EXERCISE DIRECTIONS: Write the listing out again word for word. Pictures do not belong in the copy.
......
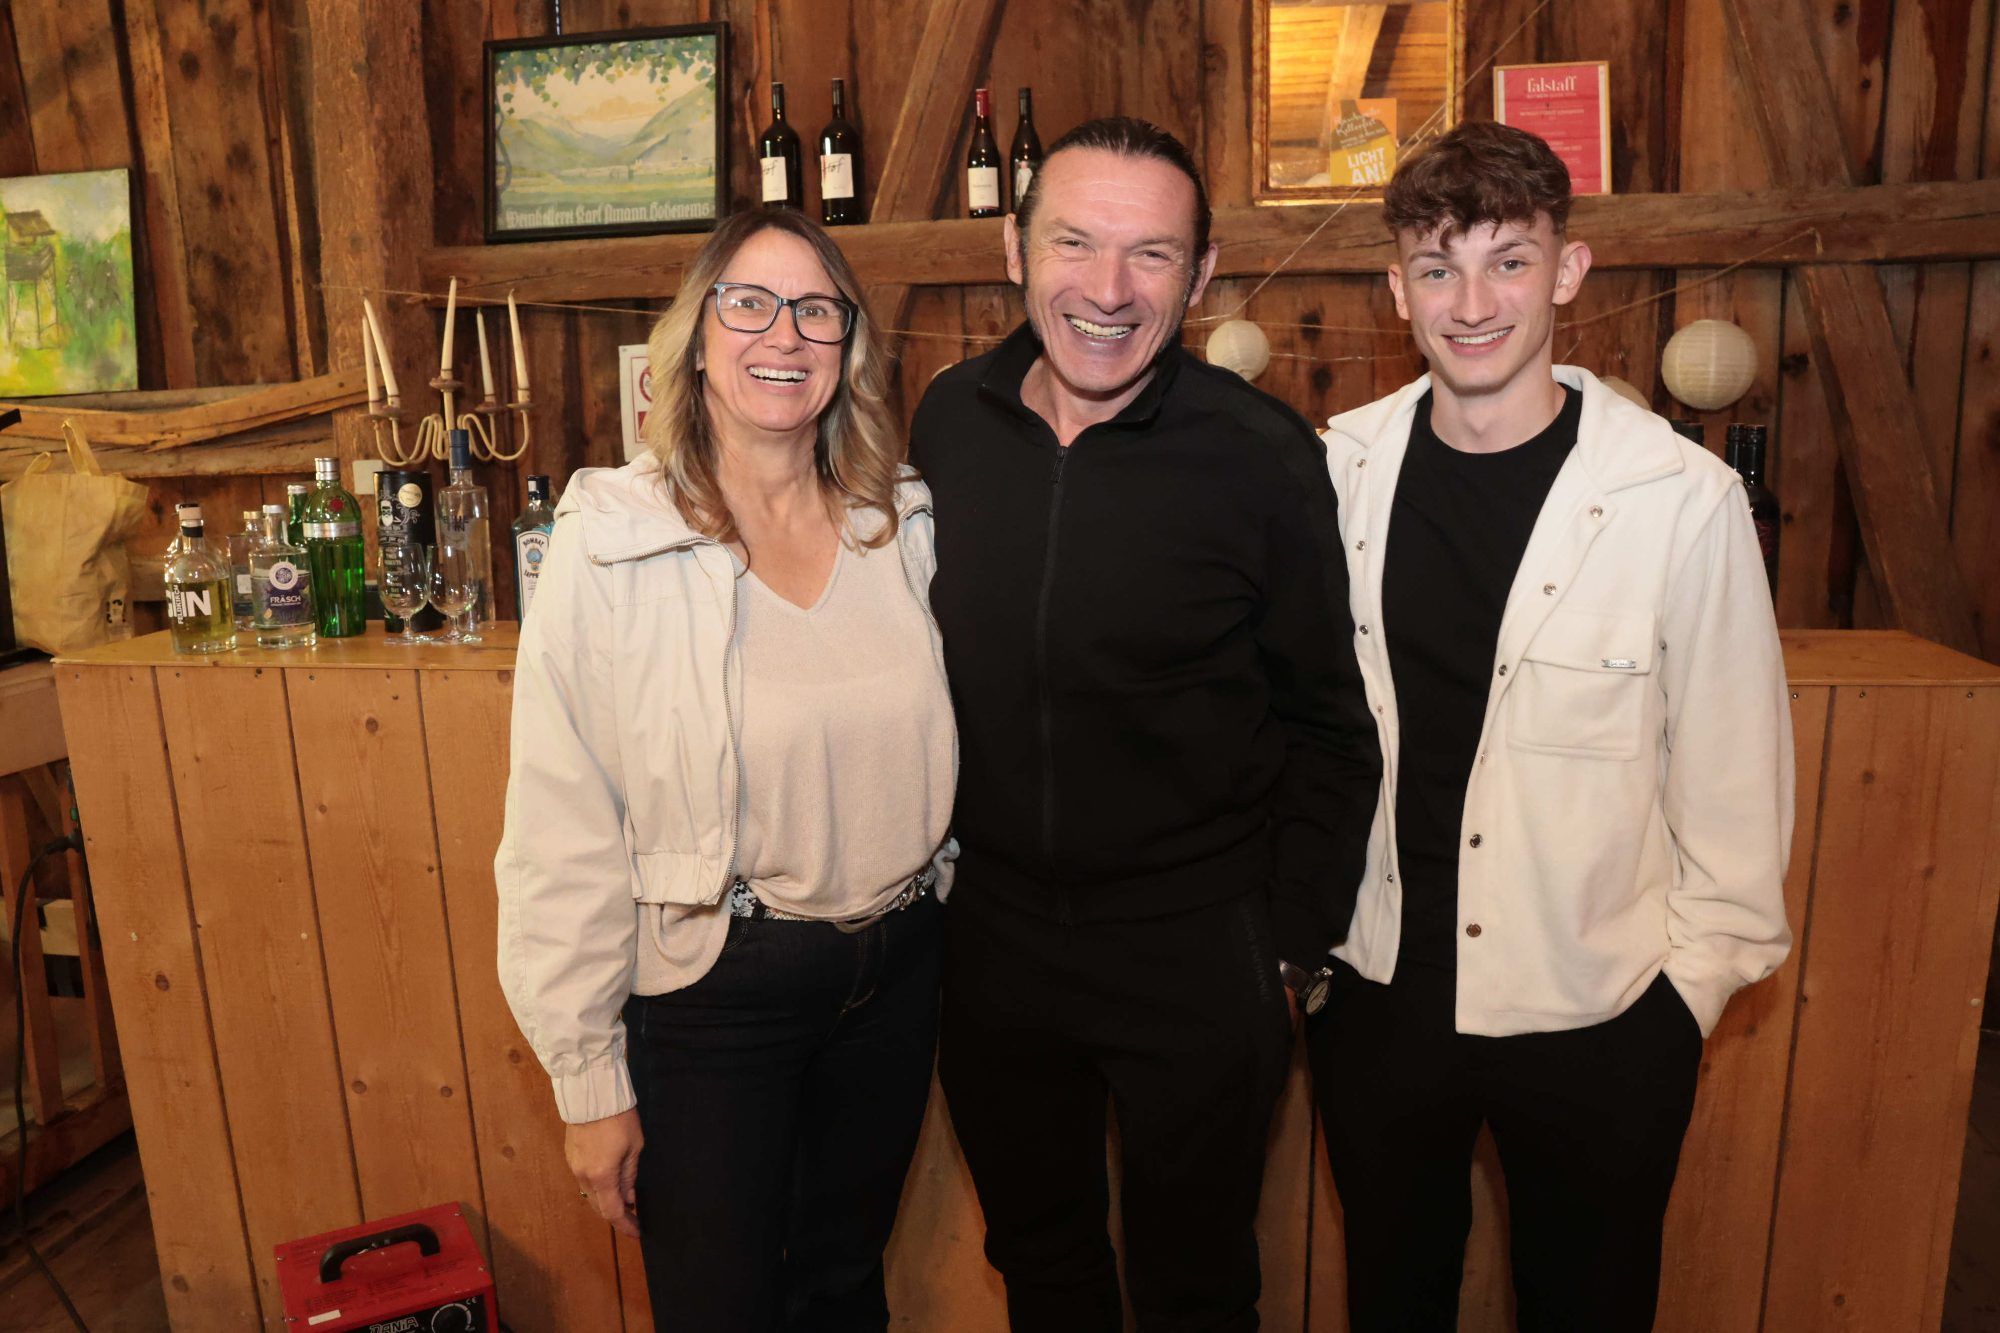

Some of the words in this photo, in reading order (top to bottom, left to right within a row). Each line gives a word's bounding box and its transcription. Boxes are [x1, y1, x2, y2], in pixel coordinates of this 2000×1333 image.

[1527, 76, 1577, 93] falstaff
[1347, 147, 1384, 168] LICHT
[1351, 162, 1388, 185] AN!
[522, 536, 545, 548] BOMBAY
[173, 584, 184, 625] FELDKIRCH
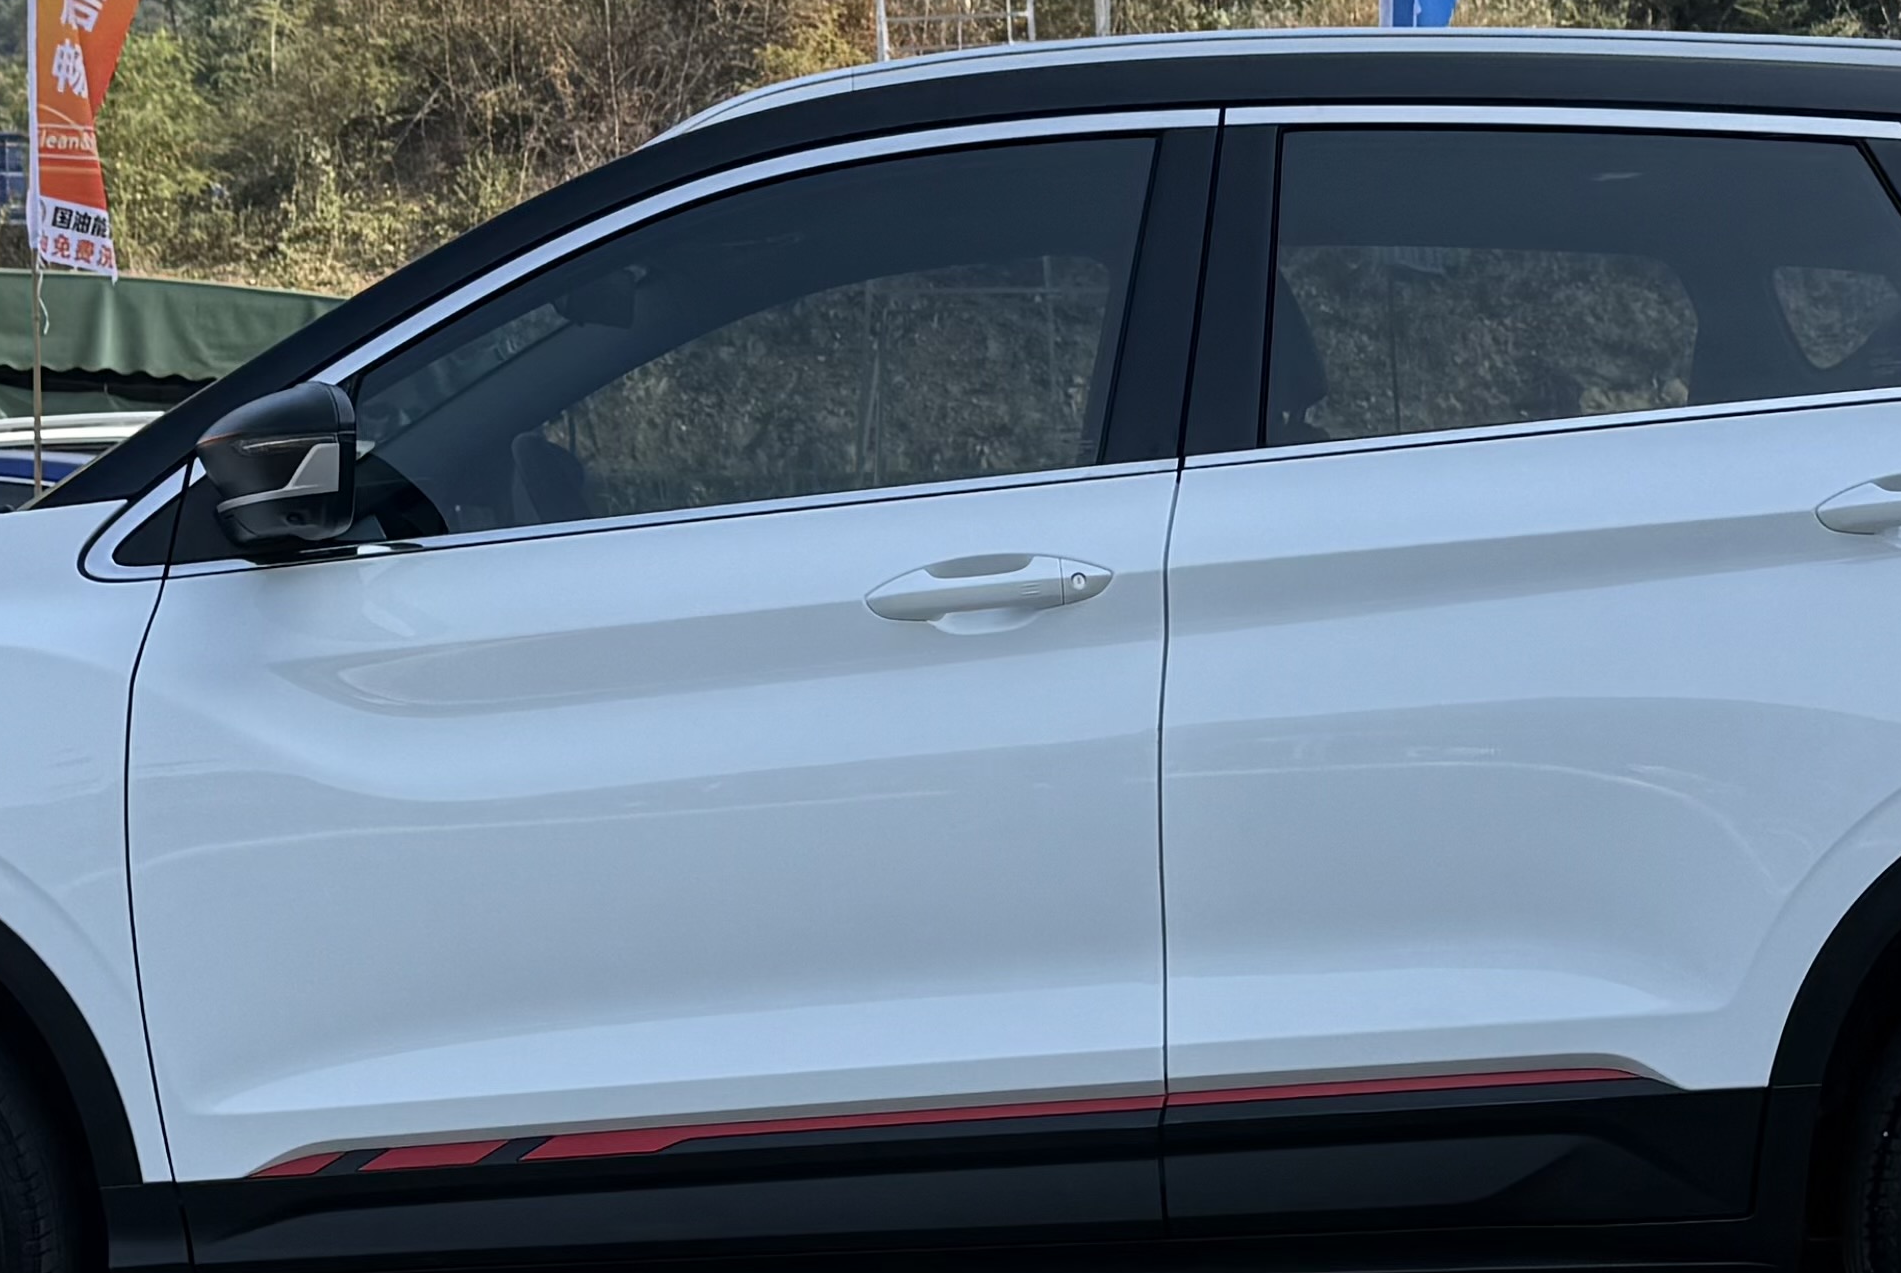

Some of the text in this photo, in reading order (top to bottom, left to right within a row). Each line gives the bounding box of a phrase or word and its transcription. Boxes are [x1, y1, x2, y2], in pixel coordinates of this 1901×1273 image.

[40, 129, 96, 151] lean&
[51, 205, 110, 239] 国油能
......
RESULT:
Some of the words in this photo, in reading order (top to bottom, left to right within a row). Each line gives a word's bounding box and its transcription. Boxes are [x1, y1, x2, y2], in pixel coordinates of this 2000×1333 image.

[1527, 76, 1577, 93] falstaff
[1347, 147, 1384, 168] LICHT
[1351, 162, 1388, 185] AN!
[522, 536, 545, 548] BOMBAY
[173, 584, 184, 625] FELDKIRCH

Some of the text in this photo, in reading order (top to bottom, left to right within a row). Each line gives the bounding box of a phrase or word and its transcription. Boxes are [x1, y1, x2, y2], in pixel coordinates of this 1901×1273 image.

[40, 129, 96, 151] lean&
[51, 205, 110, 239] 国油能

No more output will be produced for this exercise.